Oi, pessoal! Estamos aqui para dar continuidade ao
papo sobre autismo. O programa estava muito rico em informações, mas 1 hora de
programa é sempre muito pouco para falar sobre tudo. É justamente para evitar
que trechos e informações relevantes se percam que temos o blog, que funciona
como uma “extensão” do programa. A seguir vocês conferem a íntegra da
entrevista que Mariana Kotscho e Roberta Manreza fizeram durante o programa com
a defensora pública Renata Tibyriçá*.
Roberta
Manreza:
Quais os direitos das pessoas com autismo?
Renata Tibyriça - Defensora Pública |
Renata
Tibyriçá: As pessoas com autismo, sejam crianças, adolescentes ou adultos,
têm os mesmos direitos que qualquer outra pessoa, só que eles têm uma proteção
a mais. As crianças e os adolescentes têm a proteção do Estatuto da Criança e
do Adolescente, que é uma proteção específica para a criança que está em
desenvolvimento, que necessita de escola, saúde, atendimento especializado.
Inclusive, aquela criança que tem uma necessidade especial ela tem direito,
sim, ao atendimento especializado e adequado para a situação específica dela. E
após os 18 anos, continua não sendo só protegida pelas nossas leis que são para
todos nós, mas também pela lei que defende os direitos das pessoas com
deficiência. Isso é até uma questão um pouco discutível, mas as pessoas que têm
autismo, elas têm uma deficiência, elas são especiais, elas têm algumas
diferenças.
Mariana
Kotscho: Quer dizer, então, que ele pode, no ônibus, sentar no lugar para deficiente?
Renata:
Exatamente. E isso é uma dificuldade das pessoas entenderem porque olhando para
eles, aparentemente, eles não têm nenhum problema de desenvolvimento, mas eles
têm. Eles têm necessidades especiais e que precisam ser protegidas e precisam
ser respeitadas pelas pessoas. O problema é que as pessoas não entendem isso.

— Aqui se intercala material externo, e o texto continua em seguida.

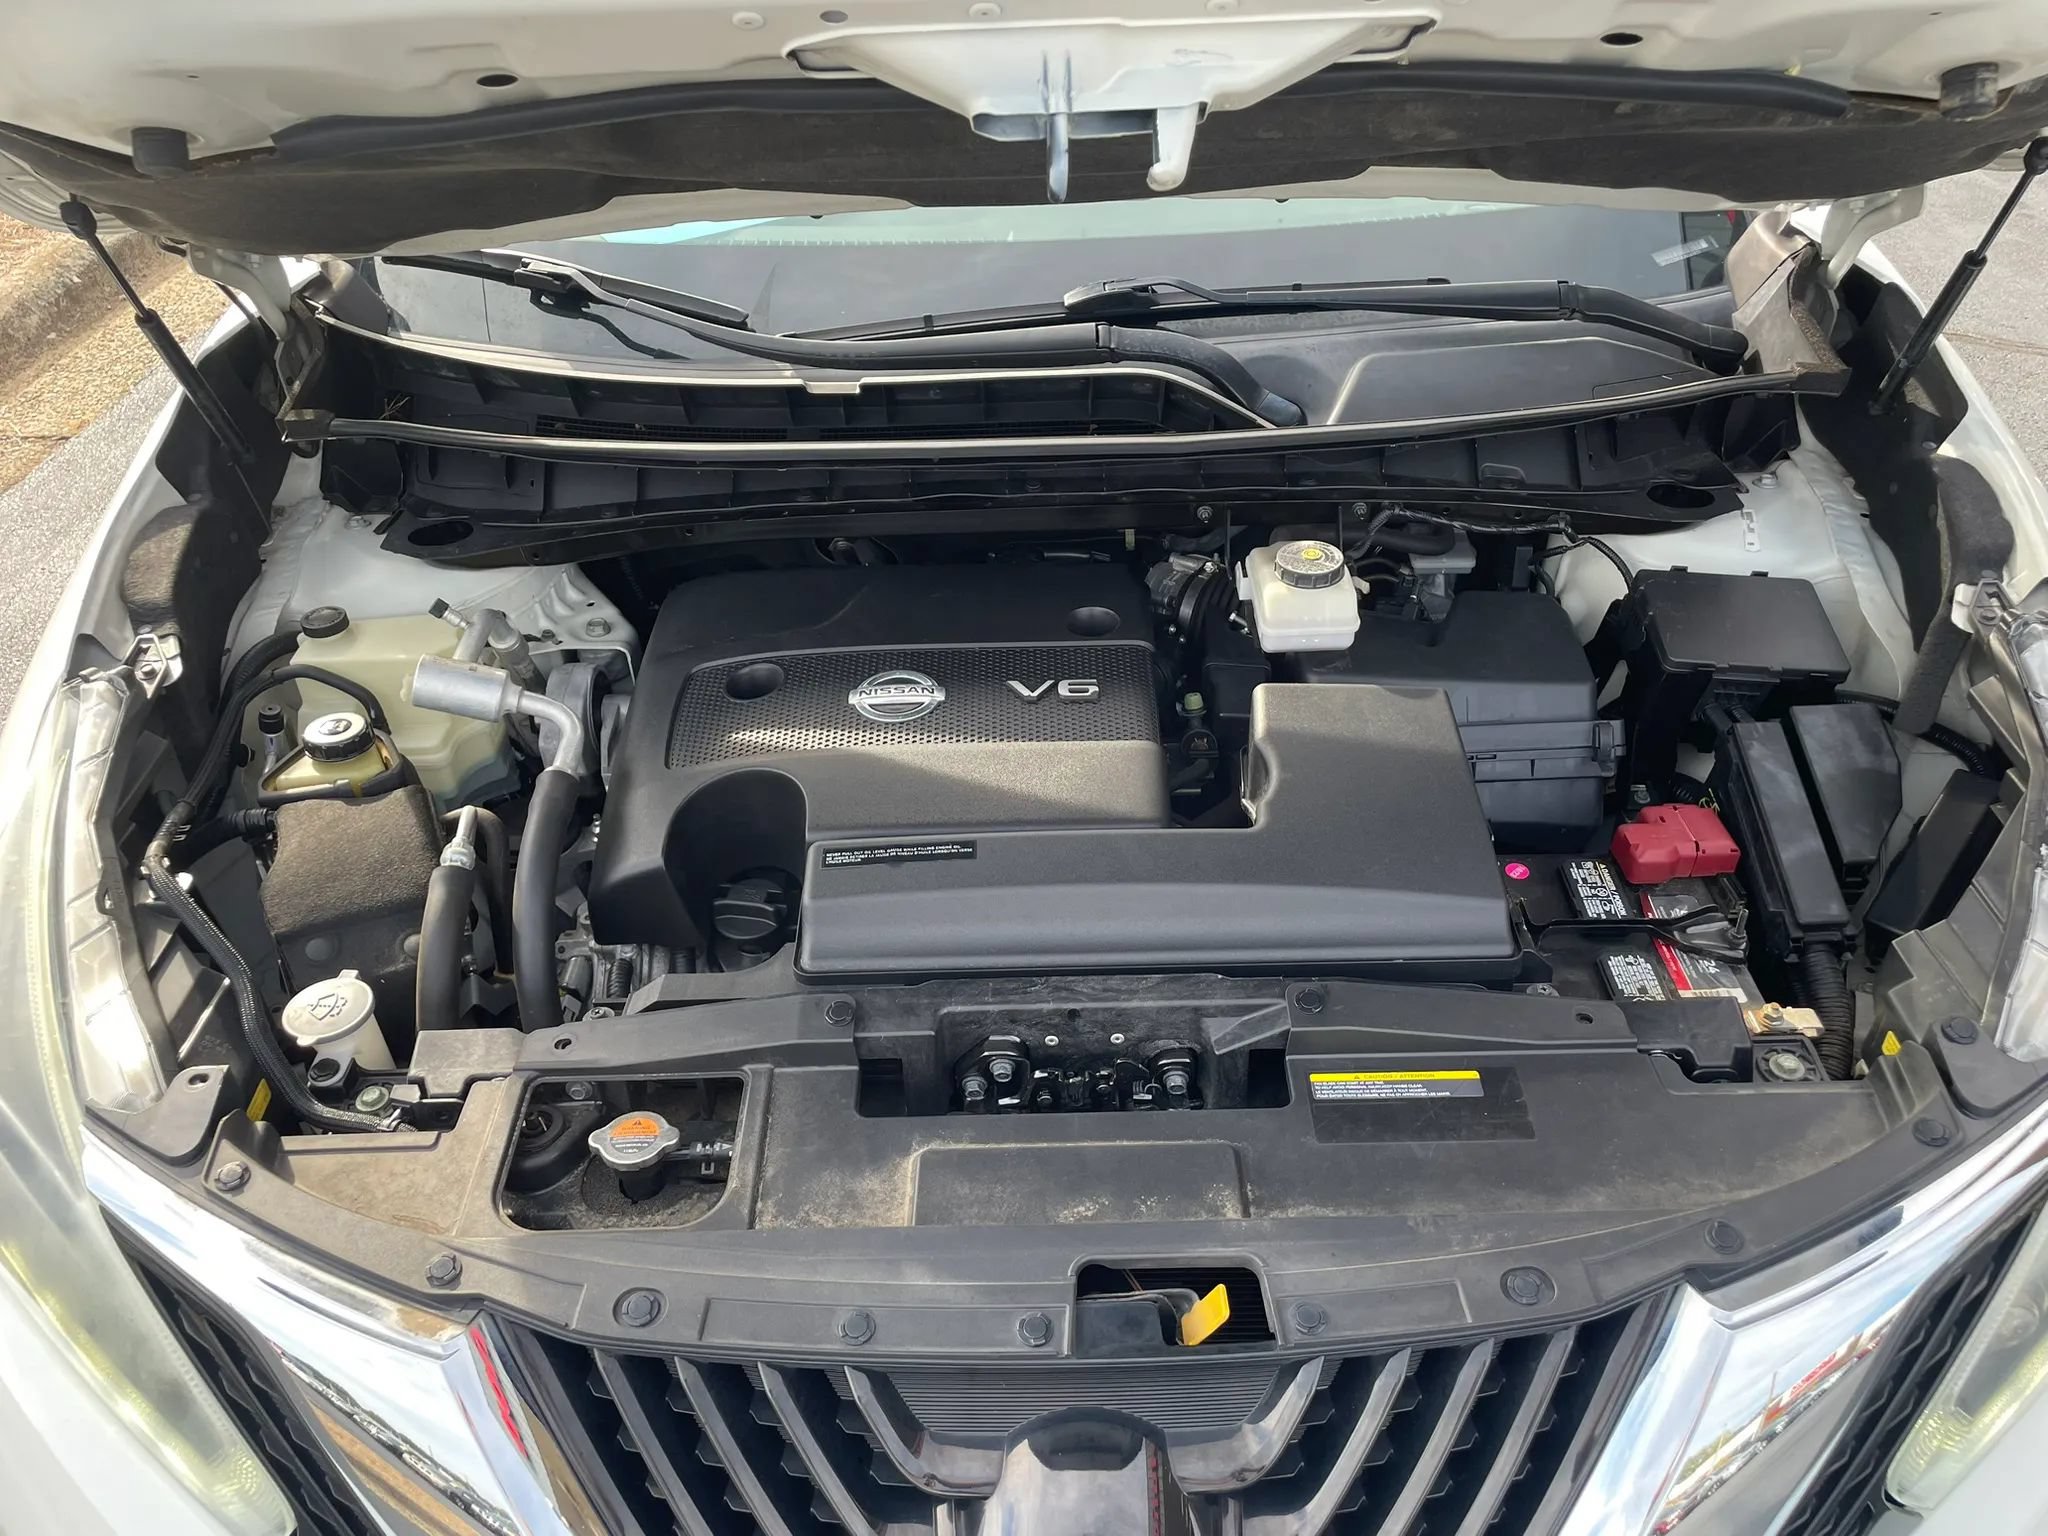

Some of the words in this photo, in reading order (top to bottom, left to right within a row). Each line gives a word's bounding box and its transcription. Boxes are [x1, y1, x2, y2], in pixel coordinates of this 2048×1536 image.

[858, 686, 935, 697] NISSAN
[1007, 679, 1100, 699] V6
[1602, 868, 1616, 890] DANGER
[1612, 894, 1627, 916] POISON

Eles têm direito, por exemplo, a parar na vaga especial, têm direito ao bilhete
único [especial]. A questão do transporte é até mais complexa, porque muitos
têm dificuldades em entrar num transporte coletivo e eles precisariam, na
verdade, de um transporte especializado, adequado às necessidades deles. Como
existe, por exemplo, a "Atende", poderia existir um outro tipo de
serviço fornecido tanto pela prefeitura quanto pelo Estado e que atendesse a
crianças, adolescentes e adultos com autismo.
Mariana
– Isso aqui em São Paulo, mas como é que fica a situação nos outros estados?
Renata –
Isso é em todo Brasil, a lei é federal, tanto o Estatuto da Criança e do
Adolescente quanto a lei da pessoa com deficiência, são leis federais aplicadas
em qualquer cidade, em qualquer estado e esses direitos devem ser respeitados.
Roberta:
Você falou que cuida de muitos processos de pessoas com autismo. Além dessa
questão do transporte, quais as outras dificuldades que o autista enfrenta?
Renata –
A grande dificuldade é de receber o atendimento adequado ou até mesmo ter o
direito à educação garantida. Mas o estado de São Paulo, hoje, e acredito que
em muitos estados do Brasil, não dispõe de escolas que tenham pessoas
especializadas e capacitadas para atender pessoas com autismo. E isso é um
problema grave. O estado de São Paulo, especificamente, faz convênios com
algumas entidades.
Mariana:
Até porque tem a lei da inclusão.
Renata:
Nós temos vários casos, inclusive. Eu tenho um caso específico de Síndrome de
Asperger em que o menino, que tem 13 anos, foi encaminhado para uma escola
regular do Estado e a escola não dispõe de qualquer profissional ou trabalho
específico. Nós, então, tivemos que pedir uma escola particular; o estado não
se dispôs a pagar. Então, tivemos que entrar com uma ação para garantir esse
direito dele.
Mariana:
E conseguiu?
Renata: Conseguimos o direito, ele foi finalmente
matriculado, demorou um tempo para o estado cumprir, mas conseguimos. A decisão
é de outubro e o estado cumpriu agora, mas, graças a Deus, no início do ano
letivo, e agora ele vai receber atendimento. Quem tem Síndrome de Asperger tem
um potencial cognitivo para poder ter uma educação, claro que tem que ser
especializada, mas uma educação regular, tem condições de cursar a faculdade,
inclusive.
Mariana:
E como fica o mercado de trabalho?
Renata:
A grande dificuldade que nós enfrentamos, além, obviamente, daqueles que estão
recebendo diagnóstico precoce é daqueles que não receberam o diagnóstico no
momento correto, não receberam nenhum atendimento correto e hoje têm 20, 30
anos e se tornaram autistas com alto grau de severidade, de agressividade por
falta de tratamento. Por isso, não conseguem trabalhar, dependem dos pais e os
pais vão envelhecendo.
Mariana:
Se tem o diagnóstico e não tem a condição de trabalho, pode ter o direito à
aposentadoria?
Renata:
Na verdade, não é aposentadoria; é um benefício da lei de assistência social
que é concedido apenas para aqueles cuja renda familiar per capita seja até ¼
do salário mínimo, ou seja, tem que ser absolutamente miserável. E a maior
parte não se enquadra nessa situação, e aí, com isso, fica sem ter condições.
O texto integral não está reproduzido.